### Instructions for the task
All that is wanted is an exact copy of the lines below, starting at the one that contains "Some of the words" and running to the end.

Dataset entries
• • • • • • •

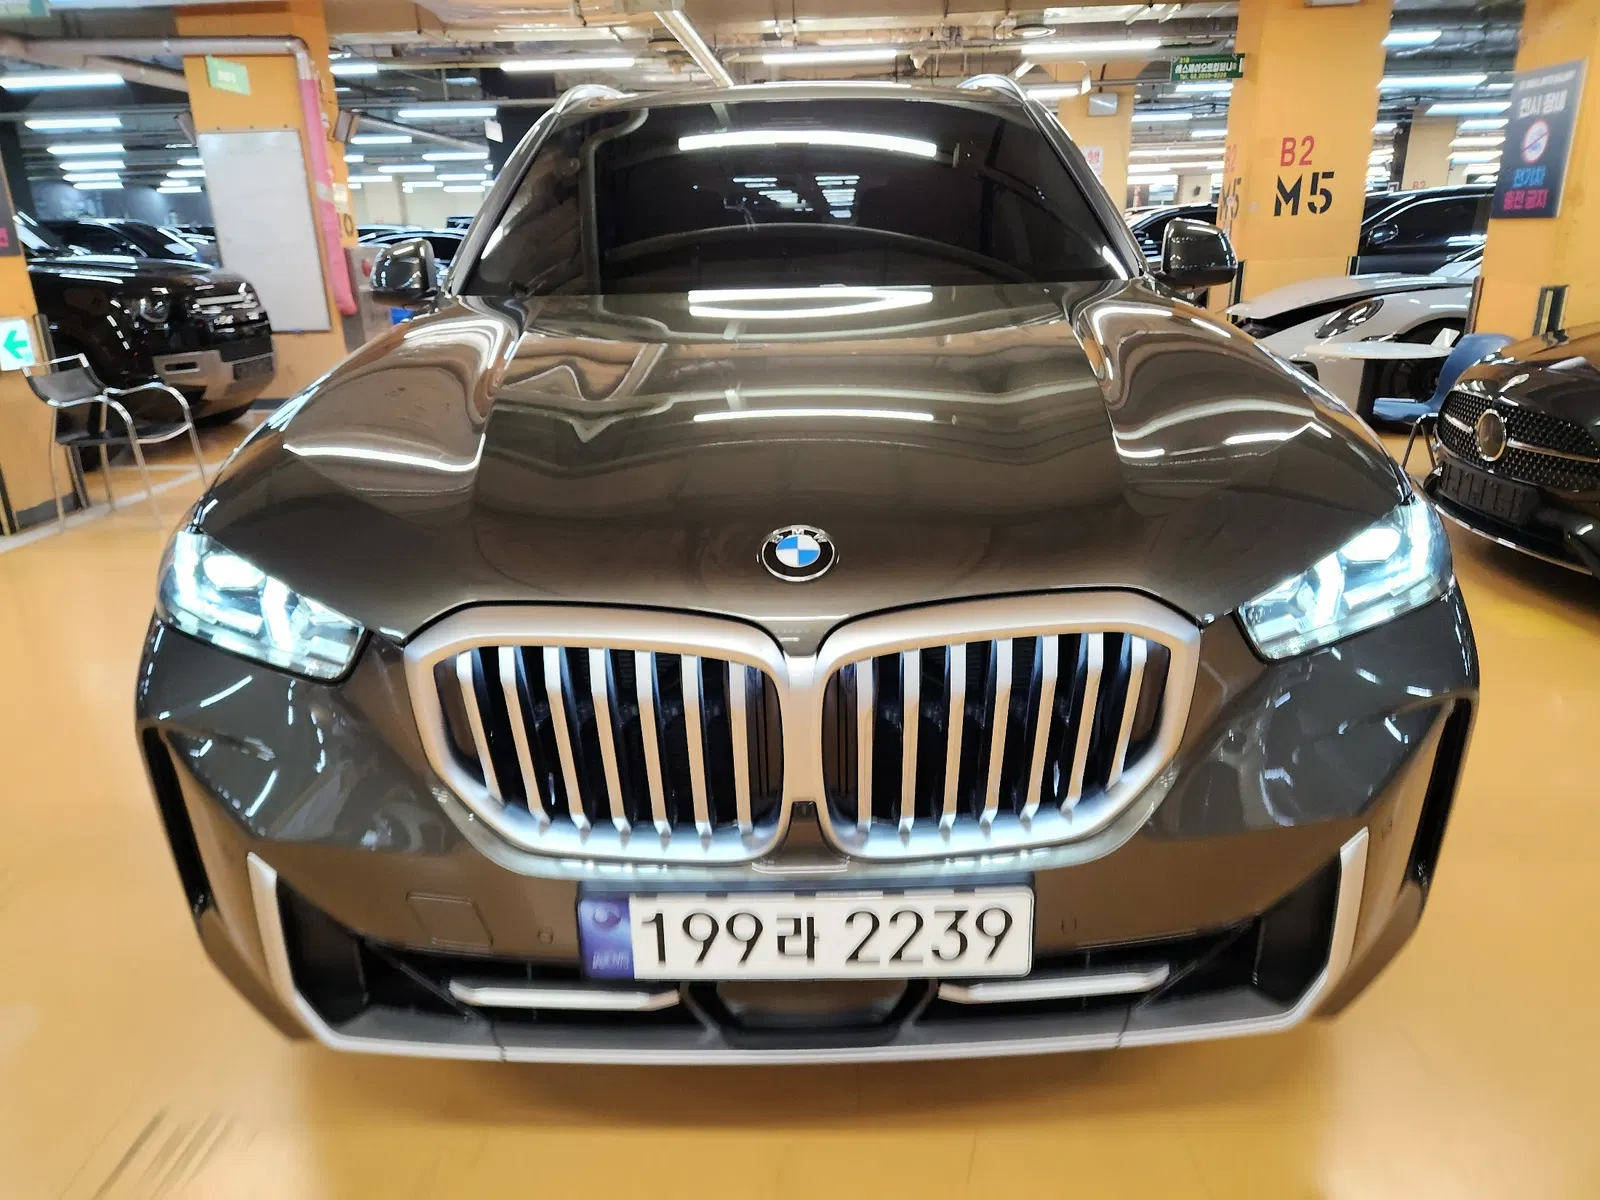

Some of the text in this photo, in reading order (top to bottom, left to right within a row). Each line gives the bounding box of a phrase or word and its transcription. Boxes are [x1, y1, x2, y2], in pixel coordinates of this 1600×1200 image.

[1280, 135, 1315, 167] B2
[1273, 171, 1335, 217] M5
[641, 907, 1014, 967] 199라 2239
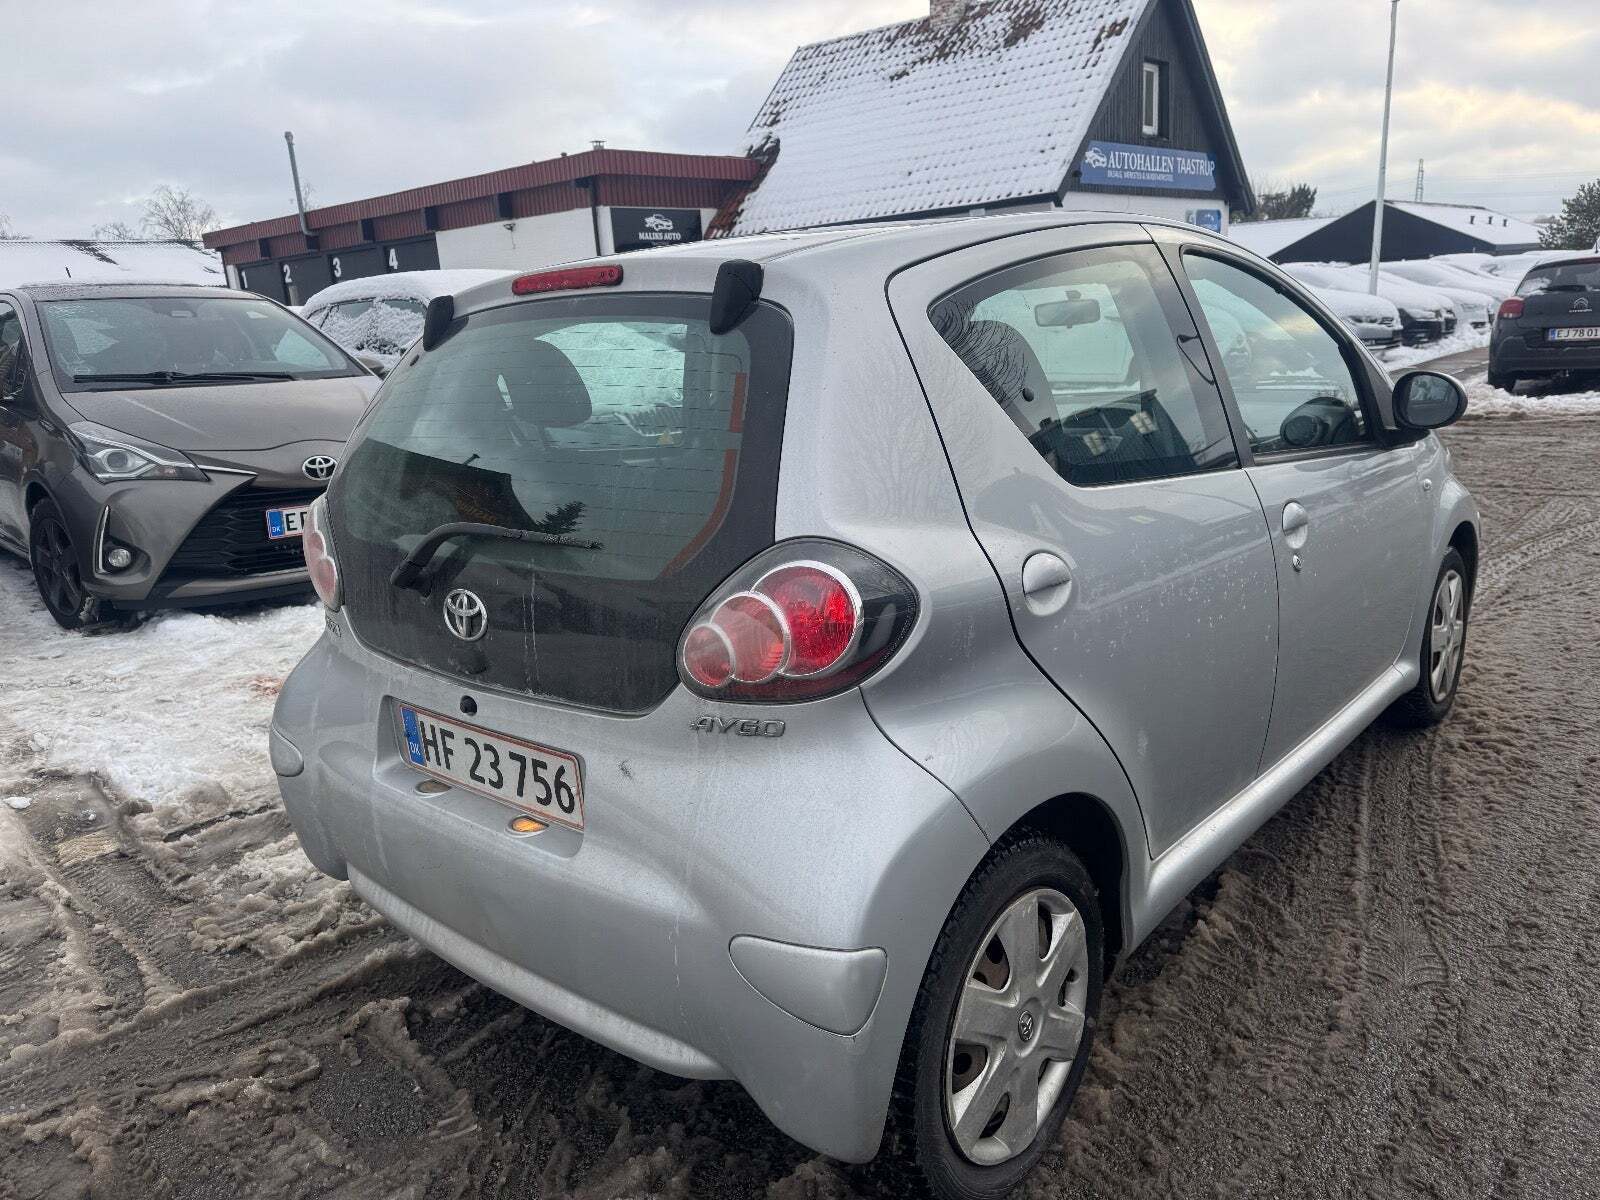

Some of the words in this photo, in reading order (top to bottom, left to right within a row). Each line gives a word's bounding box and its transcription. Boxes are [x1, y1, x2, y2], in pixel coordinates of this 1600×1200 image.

[1107, 151, 1174, 173] AUTOHALLEN
[1177, 157, 1215, 177] TAASTRUP
[664, 232, 681, 240] AUTO
[333, 257, 342, 277] 3
[389, 249, 398, 269] 4
[241, 271, 248, 288] 1
[283, 264, 292, 283] 2
[1557, 329, 1569, 338] EJ
[1572, 329, 1585, 337] 78
[688, 716, 786, 737] AYGO
[409, 742, 421, 756] DK
[420, 721, 455, 770] HF

• • • • • • •

### Solution for this problem
Some of the words in this photo, in reading order (top to bottom, left to right within a row). Each line gives a word's bounding box and its transcription. Boxes are [x1, y1, x2, y2], in pixel coordinates of this 1600×1200 image.

[1107, 151, 1174, 173] AUTOHALLEN
[1177, 157, 1215, 177] TAASTRUP
[664, 232, 681, 240] AUTO
[333, 257, 342, 277] 3
[389, 249, 398, 269] 4
[241, 271, 248, 288] 1
[283, 264, 292, 283] 2
[1557, 329, 1569, 338] EJ
[1572, 329, 1585, 337] 78
[688, 716, 786, 737] AYGO
[409, 742, 421, 756] DK
[420, 721, 455, 770] HF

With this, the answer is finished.